# detector de cruce por cero para señal de 220v 50hz directa de la red



## black_flowers (Jun 15, 2010)

bueno voy a preguntar por un circuito detector de cruce por cero, pero dado que es para hacerlo con una señal de 220V 50Hz directamente creo que encaja mejor en el apartado de fuentes.

Y el tema es que necesito un detector de cruce por cero, pero si me puedo evitar utiliar un trafo (es caro, pesa mucho y me hace el circuito incrementar en tamaño) pues mejor. Le he estado dando vueltas pero no he llegado a ninguna conclusión, a lo mejor igual existe un circuito estandar para eso, por eso lo pregunto. Yo de todas formas voy a ver si se me ocurre alguna manera. Me vale que me convierta la señal senoidal a una cuadrada por ejemplo.

un saludo.


----------



## sergio rossi (Jun 15, 2010)

hola, mira la forma mas economica seria usar un tiristor, este dispositivo una vez exitado su gate sigue conduciendo como un diodo hasta que se invierte la polaridad (paso por cero de la señal ) en ese momento se corta hasta que volves a exitar su gate. fijate si esto te sirve indicame un poco para que lo vas a usar y vemos de implementarlo, porque asi en el aire es medio dificil, un abrazo.


----------



## Fogonazo (Jun 15, 2010)

black_flowers dijo:


> .....Y el tema es que necesito un detector de cruce por cero, pero si me puedo evitar utiliar un trafo (es caro, pesa mucho y me hace el circuito incrementar en tamaño) pues mejor.....

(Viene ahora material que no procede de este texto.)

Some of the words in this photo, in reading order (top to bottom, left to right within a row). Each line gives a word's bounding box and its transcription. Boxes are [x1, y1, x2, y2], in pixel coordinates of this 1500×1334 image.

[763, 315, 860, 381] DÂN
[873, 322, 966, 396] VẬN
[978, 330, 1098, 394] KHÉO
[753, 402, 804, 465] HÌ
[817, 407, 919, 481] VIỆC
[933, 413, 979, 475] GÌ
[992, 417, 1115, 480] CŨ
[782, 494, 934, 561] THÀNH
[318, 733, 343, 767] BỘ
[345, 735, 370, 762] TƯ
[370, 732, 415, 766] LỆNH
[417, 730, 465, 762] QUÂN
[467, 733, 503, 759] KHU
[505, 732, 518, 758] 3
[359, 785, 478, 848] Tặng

Y lo que estas armando, ¿ No posee ya un transformador ?, puedes emplear el mismo transformador de alimentación para detectar el cruce, por ejemplo algo así:
Ver el archivo adjunto 5534​


----------



## black_flowers (Jun 16, 2010)

jeje, veo que no me he explicado bien mira, lo que quiero hacer es un detector de cruce por cero para la tension de red. Y lo necesito precisamente para manejar la potencia de una carga mediante un tiristor. El tiristor va manejado por un microcontrolador que utiliza una temporización para dar los pulsos de activación al tiristor. Pero necesito una referencia y ahí es donde entra el detector de cruce por cero. De manera que teng una interrupción cada vez que haya un cruce por cero de la tensión de red. Con un trafo no hay problema, ya que con un simple operacional lo puedo hacer. Lo que pasa es que sin trfo la señal es de mucho voltaje y no hay operacional que soporte 220v. 

un saludo.


----------



## Fogonazo (Jun 16, 2010)

Vamos de vuelta:
Tu microcontrolador ¿ No se alimenta mediante un transformador ?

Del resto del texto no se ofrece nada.